She turned her gimlet eye on the six, who immediately slowed down and walked like the ladies and gentlemen they were supposed to be.
As usual, Lady Beth and Lord Ben were in the lead.
They had just celebrated their eleventh birthdays in May of the current year.
Lord George, two years younger than the twins, was behind them holding almost three-year-old Lady Jane-Marie by the hand.
Bringing up the rear was Lord Alexander, seven and lady Sarah-Anne, who was five and a half.
As they entered the parlour to take their seats, the children greeted their parents and their beloved Grandmother Anne.
Lady Anne Darcy had streaks of grey in her hair and more lines on her face, but still looked very well for someone in her sixth decade of life.

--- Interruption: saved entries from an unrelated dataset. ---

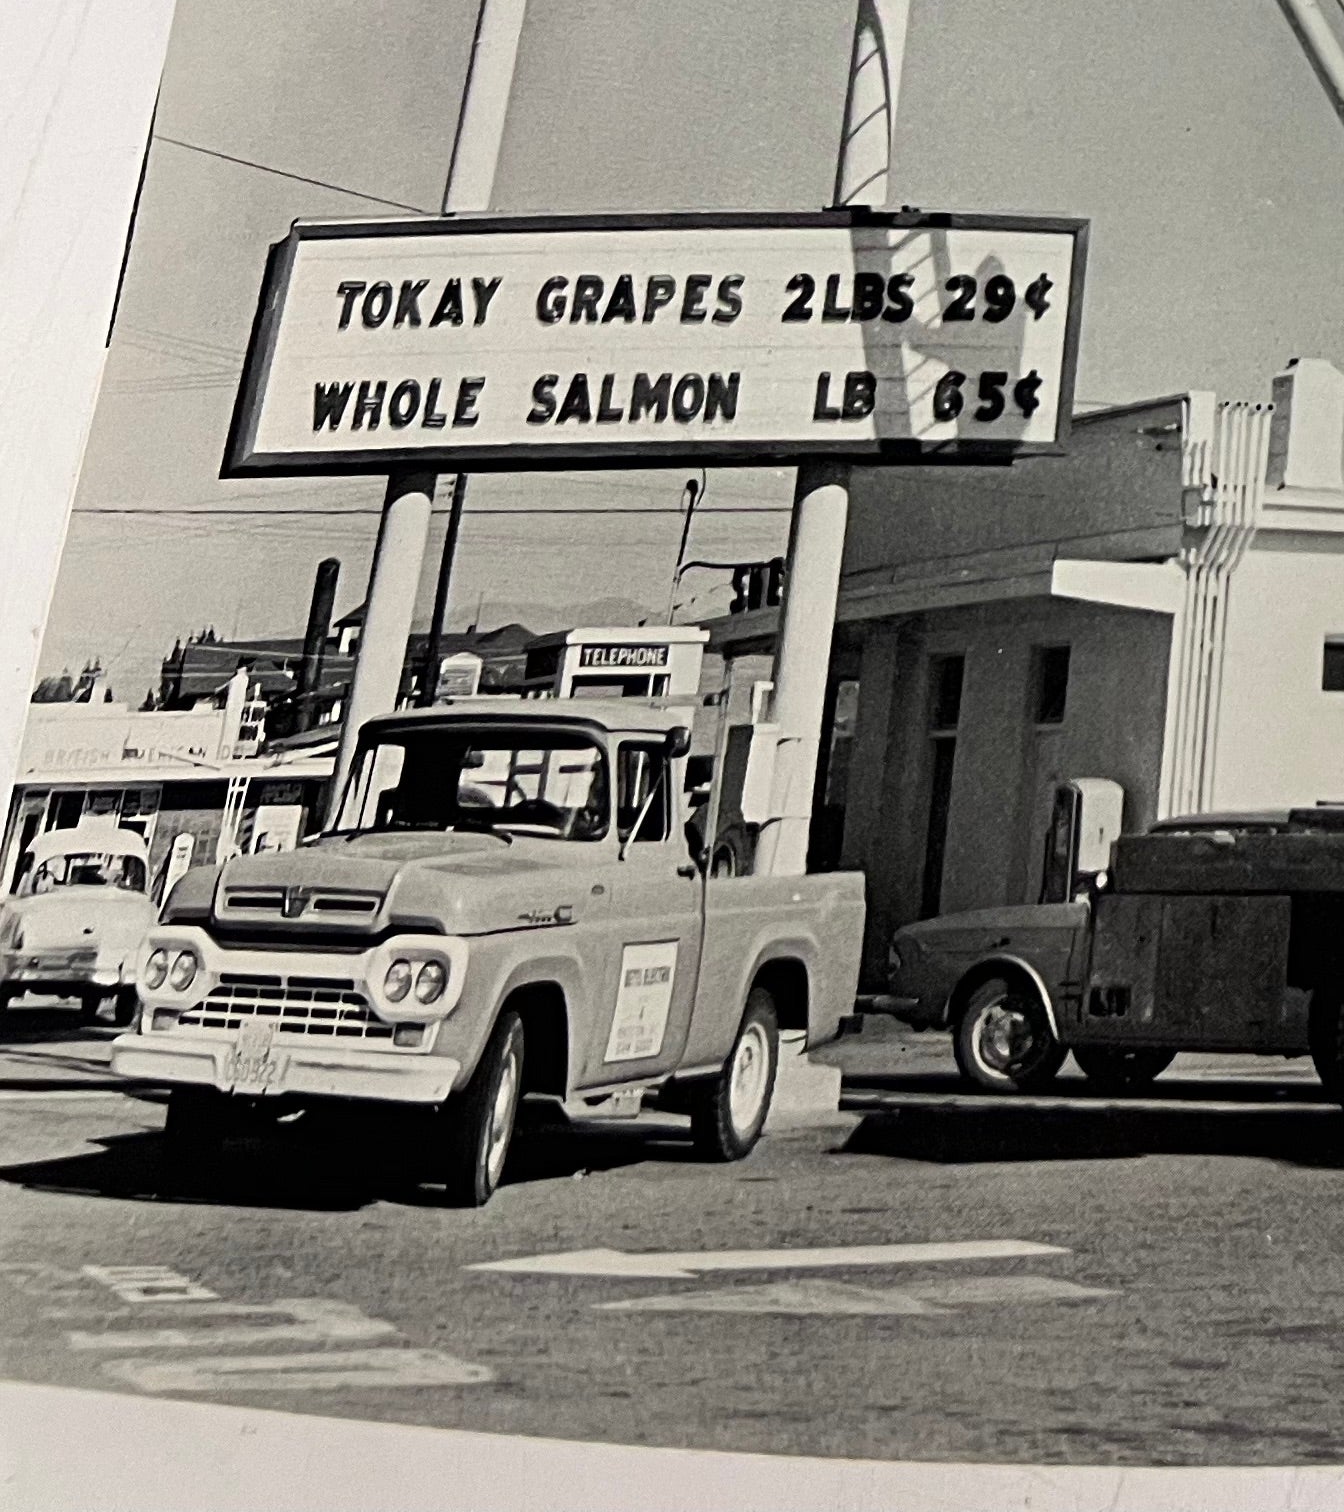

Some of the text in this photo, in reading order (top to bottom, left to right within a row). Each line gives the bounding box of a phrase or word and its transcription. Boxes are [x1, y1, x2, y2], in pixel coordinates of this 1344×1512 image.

[337, 275, 503, 332] TOKAY
[536, 273, 746, 327] GRAPES
[312, 376, 486, 433] WHOLE
[526, 371, 741, 426] SALMON
[812, 370, 878, 422] LB
[583, 647, 668, 667] TELEPHONE
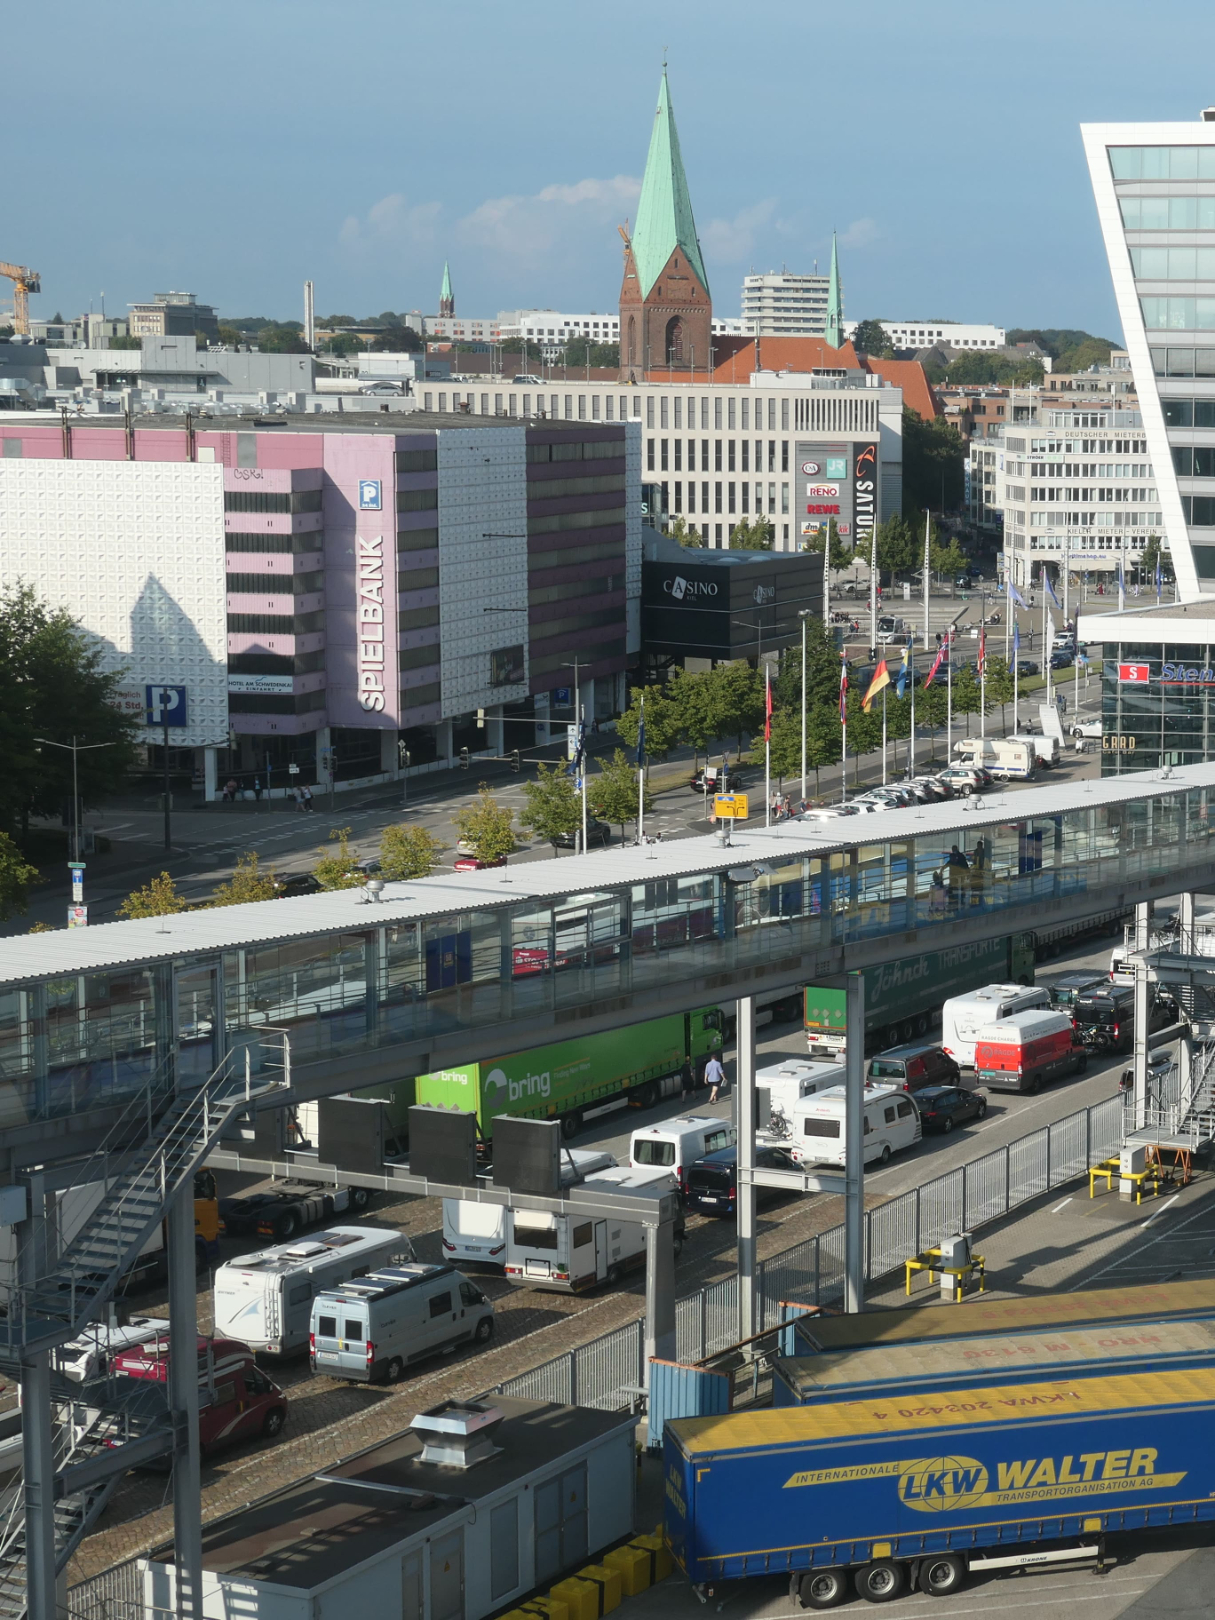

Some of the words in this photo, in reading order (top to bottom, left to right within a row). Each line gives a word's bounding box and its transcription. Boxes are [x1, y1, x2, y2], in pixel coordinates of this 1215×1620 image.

[828, 461, 844, 471] JR
[363, 486, 376, 502] P
[810, 488, 838, 496] RENO
[807, 504, 841, 515] REWE
[856, 480, 874, 546] SATUR
[663, 577, 718, 596] CASINO
[753, 585, 775, 600] CASINO
[359, 535, 385, 712] SPIELBANK
[152, 687, 179, 722] P
[1102, 736, 1136, 749] GRAD
[441, 1071, 468, 1085] bring
[509, 1071, 550, 1101] bring
[999, 1392, 1081, 1407] LKWA
[897, 1401, 993, 1419] 203420
[796, 1462, 900, 1485] INTERNATIONALE
[997, 1447, 1158, 1490] WALTER
[903, 1468, 984, 1500] LKW
[996, 1480, 1136, 1502] TRANSPORTORGANISATION
[1139, 1477, 1154, 1487] AG
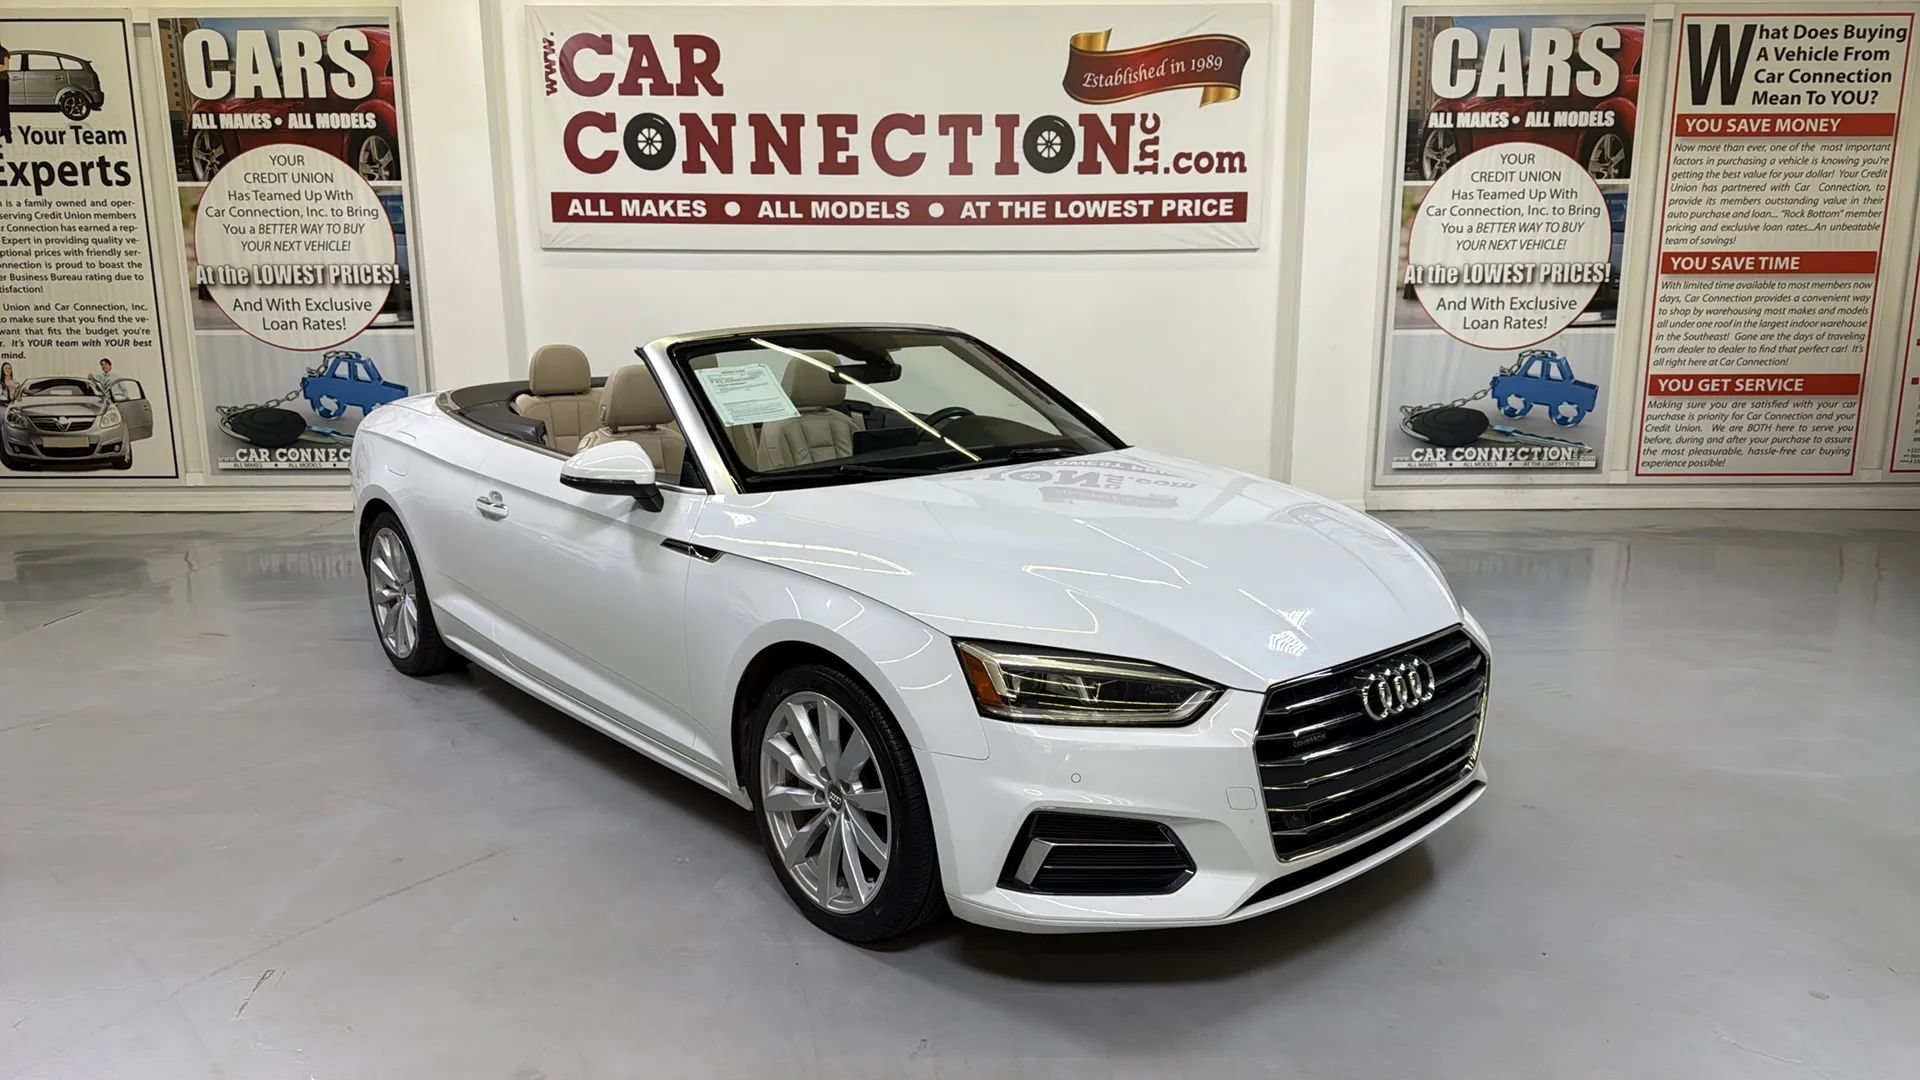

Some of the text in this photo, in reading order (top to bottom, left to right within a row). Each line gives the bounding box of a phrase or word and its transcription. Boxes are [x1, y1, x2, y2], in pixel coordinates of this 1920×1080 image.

[1794, 25, 1839, 40] Does
[1843, 25, 1908, 42] Buying
[1756, 47, 1890, 61] A Vehicle From
[183, 28, 374, 100] CARS
[543, 32, 558, 96] www.
[559, 32, 724, 97] CAR
[1431, 27, 1621, 99] CARS
[1082, 55, 1223, 89] Established in 1989
[1754, 69, 1892, 84] Car Connection
[1752, 91, 1878, 105] Mean To YOU?
[192, 112, 376, 130] ALL MAKES ALL MODELS
[1428, 111, 1615, 128] ALL MAKES ALL MODELS
[1686, 119, 1841, 133] YOU SAVE MONEY
[18, 126, 127, 145] Your Team
[563, 110, 1136, 177] CONNECTION
[269, 155, 305, 166] YOUR
[1164, 151, 1248, 174] .com
[1500, 154, 1535, 165] YOUR
[244, 173, 333, 184] CREDIT UNION
[1471, 171, 1561, 182] CREDIT UNION
[228, 190, 353, 203] Has Teamed Up With
[1452, 188, 1578, 202] Has Teamed Up With
[205, 207, 379, 219] Car Connection, Inc. to Bring
[568, 199, 1233, 219] ALL MAKES ALL MODELS AT THE LOWEST PRICE
[1426, 205, 1601, 217] Car Connection, Inc. to Bring
[223, 224, 365, 235] You a BETTER WAY TO BUY
[1441, 222, 1584, 234] You a BETTER WAY TO BUY
[2, 237, 31, 245] Expert
[45, 237, 89, 246] providing
[91, 237, 122, 245] quality
[241, 241, 351, 251] YOUR NEXT VEHICLE!
[1456, 239, 1567, 251] YOUR NEXT VEHICLE!
[1671, 257, 1800, 270] YOU SAVE TIME
[10, 273, 48, 281] Business
[85, 273, 112, 283] rating
[196, 264, 400, 285] At the LOWEST PRICES!
[1404, 262, 1611, 284] At the LOWEST PRICES!
[34, 303, 50, 311] and
[74, 303, 128, 312] Connection,
[132, 303, 148, 311] Inc.
[233, 298, 372, 311] And With Exclusive
[1436, 297, 1577, 311] And With Exclusive
[262, 318, 346, 331] Loan Rates!
[1463, 317, 1548, 330] Loan Rates!
[82, 339, 101, 347] with
[133, 339, 152, 347] best
[1653, 358, 1664, 366] all
[1665, 358, 1686, 368] right
[1688, 358, 1707, 366] here
[1719, 357, 1735, 366] Car
[1736, 357, 1789, 366] Connection!
[1658, 379, 1804, 392] YOU GET SERVICE
[1645, 424, 1670, 432] Credit
[1674, 424, 1702, 432] Union.
[1712, 424, 1726, 432] We
[1747, 424, 1772, 432] BOTH
[1775, 424, 1794, 432] here
[1838, 425, 1854, 433] you
[236, 449, 351, 462] CAR CONNEC
[1412, 448, 1446, 461] CAR
[1452, 447, 1574, 461] CONNECTION
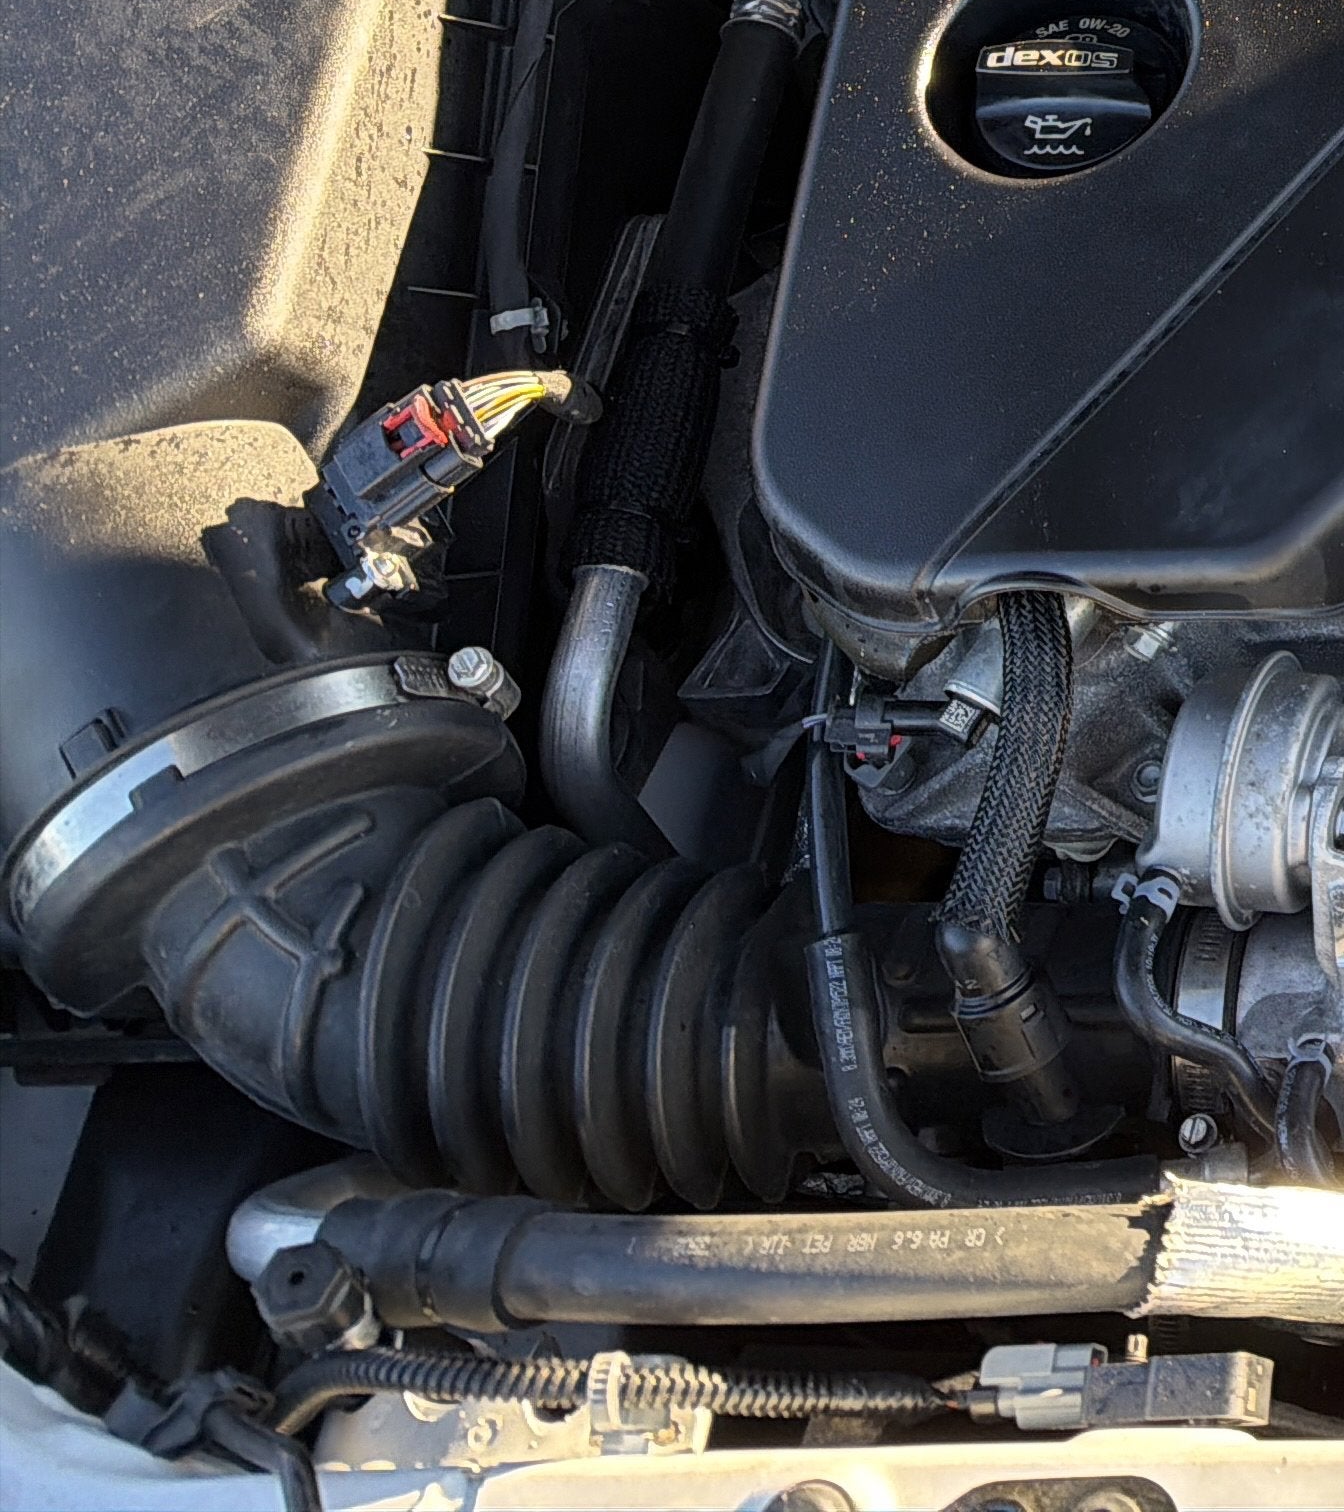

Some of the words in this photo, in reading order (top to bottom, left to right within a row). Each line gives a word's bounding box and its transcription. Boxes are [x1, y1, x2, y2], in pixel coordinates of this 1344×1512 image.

As always, Elizabeth and William were sitting next to one another.
He was as solicitous of her now as she carried their seventh child as he had been with their first children.
The Duchess was due to enter her confinement in November or December.
As it has been with all of her lying-ins and that of her sisters as well, this babe would be born at Longbourn and attended by Sir Frederick or one of his well-trained associates.
Lady Anne surveyed the scene with supreme contentment.
If wealth was measured in happiness, then she was the wealthiest woman alive.
She had ten grandchildren so far. Georgiana and James had added four to the growing number.
They had two daughters followed by two sons.
Lady Anne suspected that Georgie was increasing again, but until her daughter confirmed it was so she could only speculate.
She thought back to the wedding that had been the talk of the Ton for many years after.
The four best friends who had their coming out together had decided that they wanted to marry together.
Never before had four couples been married in the same ceremony, but they were insistent.
Rather than use one of the three estates where the brides had grown up, the ceremony was held at St. George’s, the largest church in London at the time.
The wedding breakfast, at the insistence of their cousin the Queen, had been hosted at Buckingham House.
Lady Anne smiled as she remembered how members of the Ton had clamoured for invitations, but only those who had genuine connections to the family were invited.
In the end, Lady Mary Bennet, as she had still been then, had cajoled her father to shorten his time requirement for courting and engagement from six months to four, and then she had convinced her Uncle Cyril to allow the same for Loretta.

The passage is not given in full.